Como a CIN impacta o mercado financeiro?
Com o aumento da segurança proporcionado pela Carteira de Identidade Nacional, o mercado financeiro tem se tornado mais seguro e confiável. As transações financeiras, especialmente aquelas relacionadas ao crédito, estão mais protegidas contra fraudes de identidade, o que beneficia tanto as instituições financeiras quanto os consumidores.
Além disso, a redução das fraudes também impacta positivamente a economia como um todo, uma vez que os custos com fraudes financeiras diminuem, permitindo que mais recursos sejam direcionados para investimentos e serviços de qualidade para a população.
O futuro da segurança digital e das identidades no Brasil
A implementação da CIN é um passo importante para a modernização do sistema de identificação no Brasil, mas é apenas o começo. O futuro da segurança digital e da proteção de dados pessoais exige investimentos contínuos em tecnologia, biometria e novas formas de verificação de identidade.
A Serasa Experian, juntamente com outras empresas de segurança, está empenhada em aprimorar ainda mais os sistemas de autenticação e prevenção à fraude, utilizando dados e inteligência para proteger os consumidores e tornar o mercado financeiro mais seguro.

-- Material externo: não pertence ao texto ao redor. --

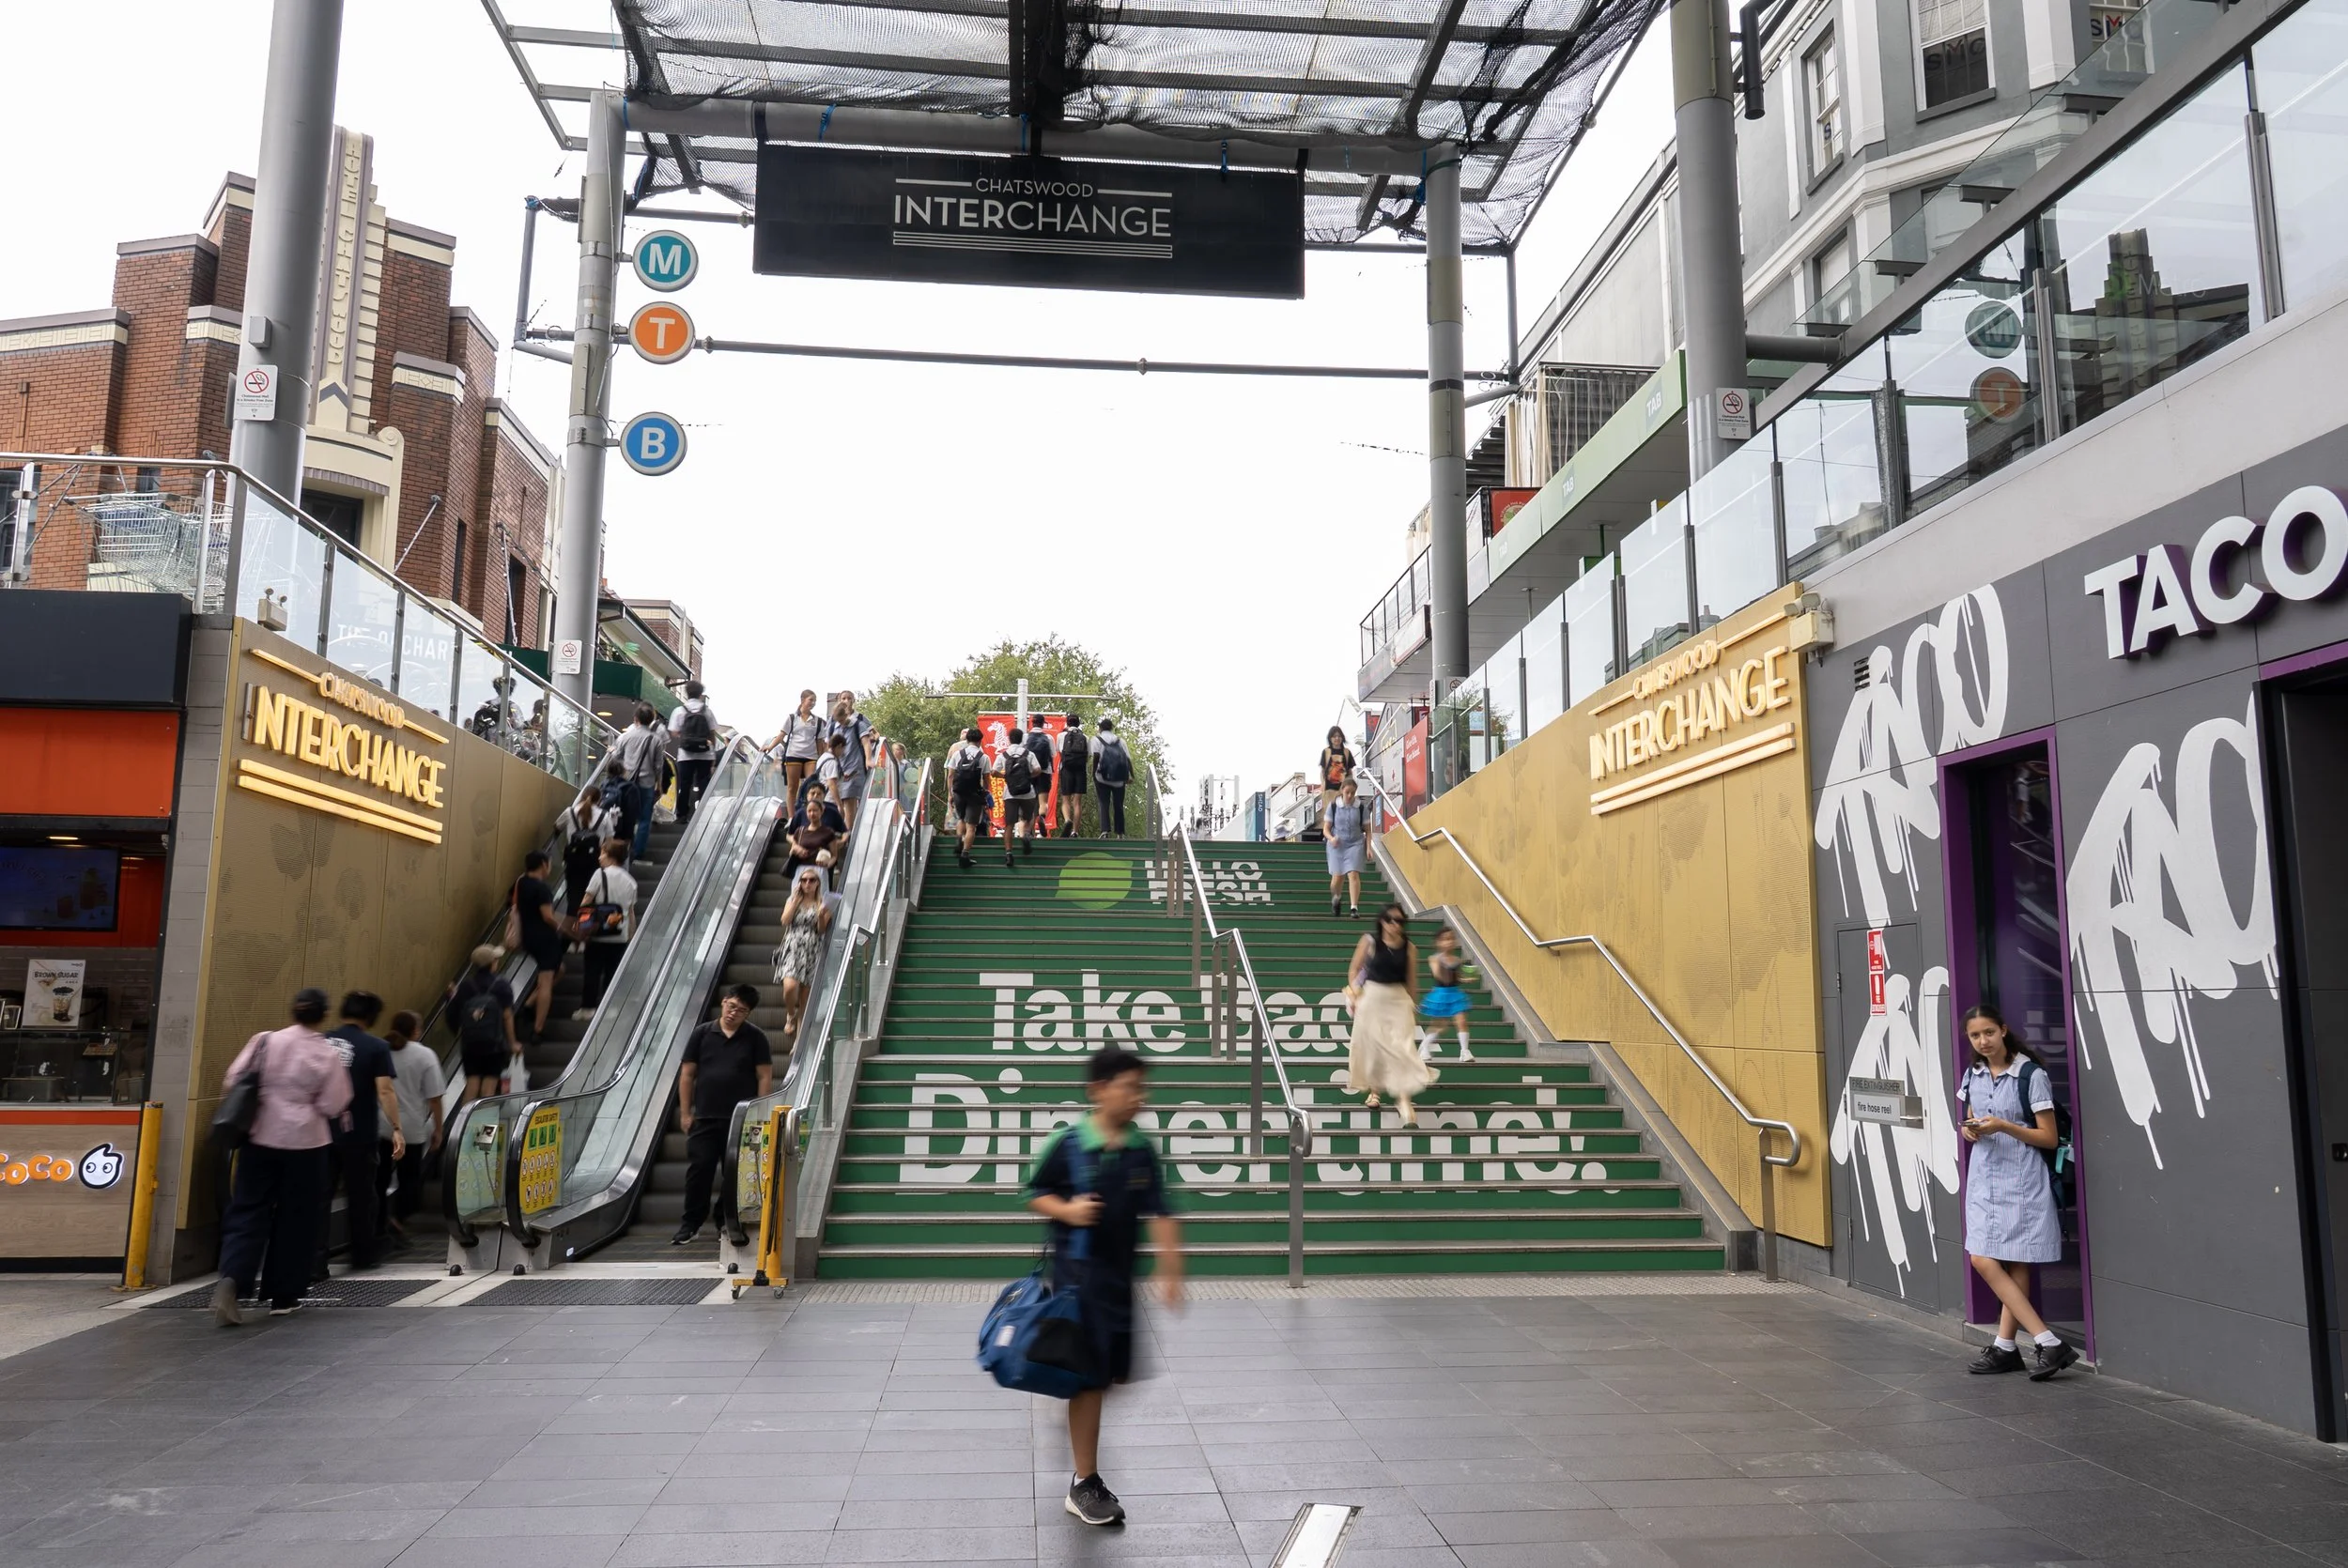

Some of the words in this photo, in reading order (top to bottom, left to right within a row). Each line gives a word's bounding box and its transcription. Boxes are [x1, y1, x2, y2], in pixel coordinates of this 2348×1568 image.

A Carteira de Identidade Nacional (CIN) é uma inovação significativa que está ajudando a reduzir fraudes financeiras no Brasil. Com a vinculação ao CPF e o uso de tecnologias como o QR Code e a biometria, a CIN está tornando mais difícil para os golpistas se passarem por outras pessoas e cometerem crimes como o roubo de identidade. No entanto, a constante evolução da tecnologia exige que as soluções de segurança também evoluam, e o uso de sistemas robustos de autenticação será fundamental para garantir a proteção dos dados pessoais e financeiros dos cidadãos.
A adoção de medidas de segurança mais avançadas, como a biometria, e o investimento contínuo em tecnologia serão essenciais para continuar combatendo fraudes e criando um ambiente financeiro mais seguro e confiável.